Em coletiva convocada pela oposição após a prisão domiciliar de Bolsonaro, Marinho alegou que "há um momento de exceção no Brasil".

O senador fez críticas ao inquérito das fake news, classificando a investigação como o "ovo da serpente".

Também defendeu a Proposta de Emenda à Constituição (PEC) que extingue o foro privilegiado e defendeu que a anistia dos condenados pelo 8 de janeiro é "importante" para "reconciliar o País".
 

Oposição na Câmara no mesmo caminho 

 O líder do PL na Câmara dos Deputados, Sóstenes Cavalcante (PL-RJ), afirmou nesta terça-feira, 5, que a oposição não vai deixar a Câmara reabrir seus trabalhos do segundo semestre "enquanto não houver um diálogo sério para pensar soluções para o Brasil" - no caso, discutir o "pacote da paz" que os aliados do ex-presidente Jair Bolsonaro querem emplacar com o impeachment do ministro Alexandre de Moraes, do Supremo Tribunal Federal (STF), e outras medidas, dentre elas a anistia aos envolvidos em atos antidemocráticos.

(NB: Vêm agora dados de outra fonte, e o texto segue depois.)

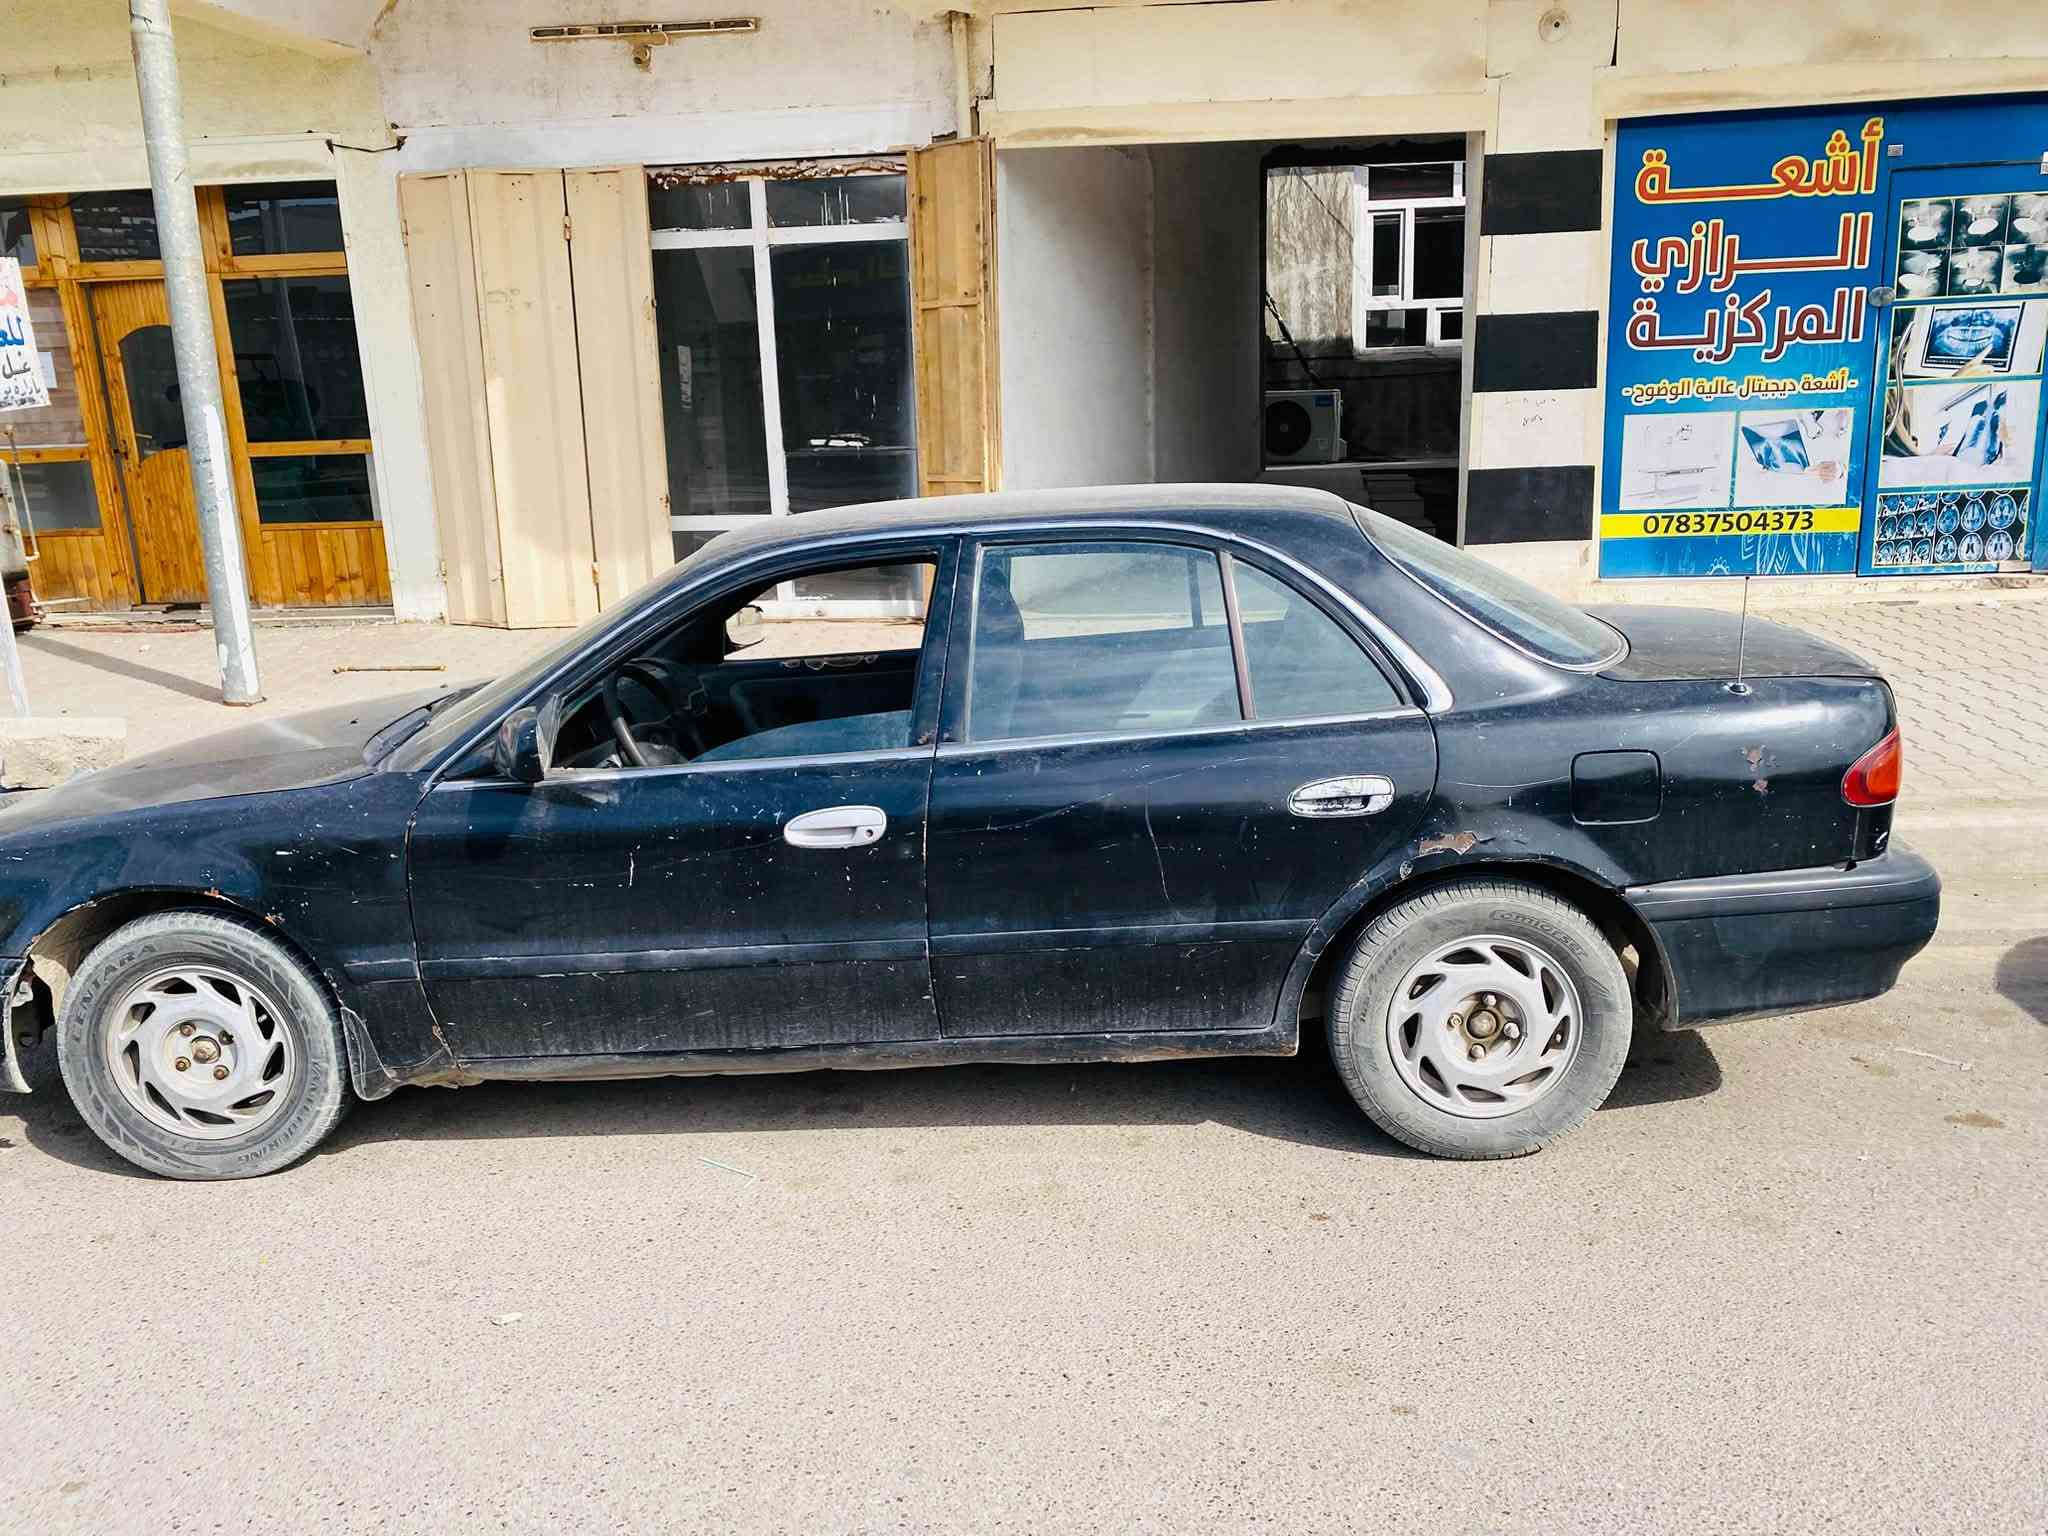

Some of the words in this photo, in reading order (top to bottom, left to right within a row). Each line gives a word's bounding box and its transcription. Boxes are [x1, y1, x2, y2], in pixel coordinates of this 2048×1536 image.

"Vamos entrar em obstrução total na Câmara e no Senado e não vamos recuar enquanto não houver caminhos para a pacificação, já apresentado por meus colegas", indicou durante entrevista coletiva de imprensa.

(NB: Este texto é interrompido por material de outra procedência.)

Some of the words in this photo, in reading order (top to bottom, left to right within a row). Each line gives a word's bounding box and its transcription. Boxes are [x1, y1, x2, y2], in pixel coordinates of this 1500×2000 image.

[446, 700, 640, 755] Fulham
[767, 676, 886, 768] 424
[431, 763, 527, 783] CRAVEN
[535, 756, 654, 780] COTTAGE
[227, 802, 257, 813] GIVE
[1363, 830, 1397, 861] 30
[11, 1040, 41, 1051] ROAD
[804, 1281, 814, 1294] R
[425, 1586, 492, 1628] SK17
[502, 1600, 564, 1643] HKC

Na mesma entrevista, o senador Flávio Bolsonaro (PL-RJ) anunciou o que eles estão chamando de "pacote da paz", citando, além do impeachment de Moraes, a "anistia ampla, geral e irrestrita" de condenados pelo 8 de Janeiro e a aprovação da Proposta de Emenda à Constituição que acaba com o foro privilegiado.

'Guerra'

Sóstentes afirmou que a oposição está "entrincheirada", a partir desta terça, com "uma série de ações e uma coordenação centralizada". O líder destacou que o presidente do PL, Valdemar Costa Neto, teve uma "conversa de alinhamento" com outros dirigentes de partidos nesta manhã.

"A partir de agora estamos nos apresentando para a guerra. Se é guerra que governo quer, guerra terá. Não haverá paz no Brasil enquanto não houver discurso de conciliação, que passa pela anistia, pela mudança do fim do foro e pelo impeachment de Moraes", destacou o líder do PL.